"Why am I getting thousands of numbers instead of bounding boxes?"

This confusion usually comes from a common misconception YOLO does not output final detections. What it actually produces is a large tensor of raw predictions, containing thousands of candidate boxes, each with geometry, objectness confidence, and class probabilities. At this stage, YOLO is essentially saying:

"Here are many possible boxes. You decide which ones are real."

Understanding this output tensor is the single most important step in correctly deploying YOLO models in production especially when working with C++ and ONNX Runtime, where nothing is abstracted away for you.

If you've ever struggled with YOLO post-processing, incorrect indexing, or confidence calculations that "almost work but not quite", this post is meant to remove that confusion for good.

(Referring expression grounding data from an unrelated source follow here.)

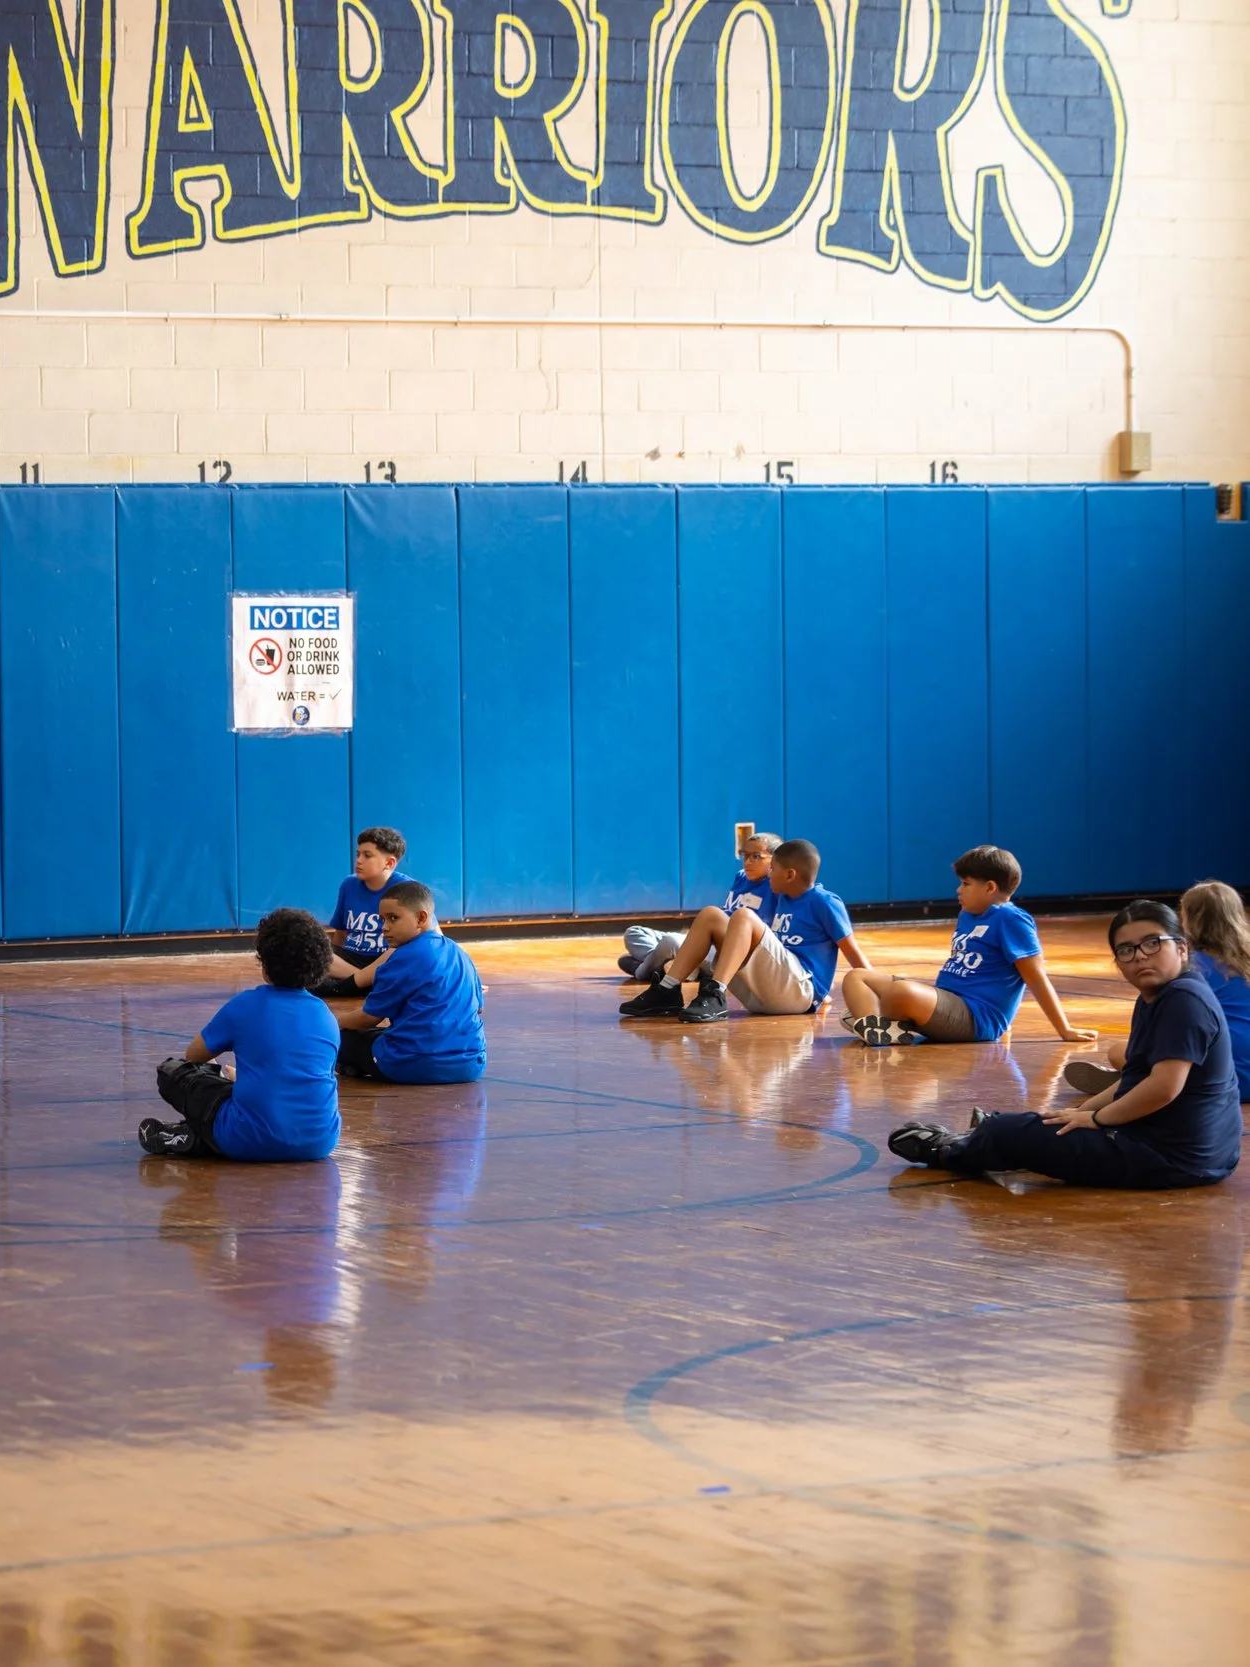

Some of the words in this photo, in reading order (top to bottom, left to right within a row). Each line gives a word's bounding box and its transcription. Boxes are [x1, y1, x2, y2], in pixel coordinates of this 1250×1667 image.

[20, 462, 39, 484] 11
[198, 461, 232, 483] 12
[364, 461, 397, 483] 13
[558, 461, 588, 483] 14
[763, 461, 794, 484] 15
[929, 461, 958, 484] 16
[253, 608, 338, 629] NOTICE
[289, 637, 305, 649] NO
[308, 637, 338, 649] FOOD
[287, 650, 303, 662] OR
[306, 650, 340, 662] DRINK
[287, 663, 340, 675] ALLOWED
[277, 691, 316, 701] WATER
[346, 909, 380, 932] MS

Let's start by understanding what YOLO actually outputs and why bounding boxes don't exist yet.

Before we look at tensor shapes or indexing, it's important to understand where exactly we are in the YOLO inference flow.

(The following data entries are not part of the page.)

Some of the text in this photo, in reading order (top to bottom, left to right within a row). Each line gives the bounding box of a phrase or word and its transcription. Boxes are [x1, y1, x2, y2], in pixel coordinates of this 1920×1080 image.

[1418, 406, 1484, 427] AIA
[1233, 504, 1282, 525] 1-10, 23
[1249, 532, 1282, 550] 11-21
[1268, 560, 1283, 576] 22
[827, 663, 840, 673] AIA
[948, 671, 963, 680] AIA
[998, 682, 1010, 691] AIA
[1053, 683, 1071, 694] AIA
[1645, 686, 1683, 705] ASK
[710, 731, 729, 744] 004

A typical YOLO inference pipeline looks like this:

Image
  ↓
Preprocessing (resize, letterbox, normalize)
  ↓
ONNX Runtime inference
  ↓
session.Run()
  ↓
Ort::Value (YOLO output tensor)   ← WE ARE HERE
  ↓
Post-processing (decode + filter + NMS)
  ↓
Final bounding boxes

At this point:

  • The model has already run successfully
  • ONNX Runtime has returned an Ort::Value
  • No bounding boxes exist yet

What we have is a raw output tensor, and our job is to interpret and decode it correctly.

What session.Run() Actually Returns

After calling ONNX Runtime inference:

std::vector<Ort::Value> output_tensors = session.Run(
    Ort::RunOptions{nullptr},
    input_names.data(),
    &input_tensor,
    1,
    output_names.data(),
    output_names.size()
);

You receive one or more Ort::Value objects.

For YOLO models, the first output is typically:

  • A 3D tensor
  • Containing predictions for thousands of candidate boxes
  • With no filtering or decoding applied

This tensor is not human-readable, and it is not final output.

First: what YOLO actually outputs

YOLO does NOT output final boxes. It outputs raw predictions for many candidate boxes.

Think of YOLO as a "proposal generator"

YOLO effectively says:

"Here are thousands of possible boxes. You decide which ones are real."

What is a "candidate box"?

Each candidate corresponds to:

  • A grid cell
  • An anchor (depending on the YOLO version)

YOLO predicts many such candidates per image.

What each candidate contains

For each candidate, YOLO outputs a vector with three parts.

1. Box geometry

Usually 4 values:

tx, ty, tw, th

These are not final pixel coordinates.

They represent:

  • Offsets relative to a grid cell
  • Width and height in model space

2. Objectness confidence

One value:

objectness

This answers:

"Is there any object here?"

Value range:

0 → background
1 → object

3. Class scores

One value per class:

c1, c2, c3, ..., cN

These answer:

"If there is an object, what is it?"

These are conditional probabilities. One candidate vector (example)

For COCO (80 classes):

[ tx, ty, tw, th, objectness, c1, c2, ..., c80 ]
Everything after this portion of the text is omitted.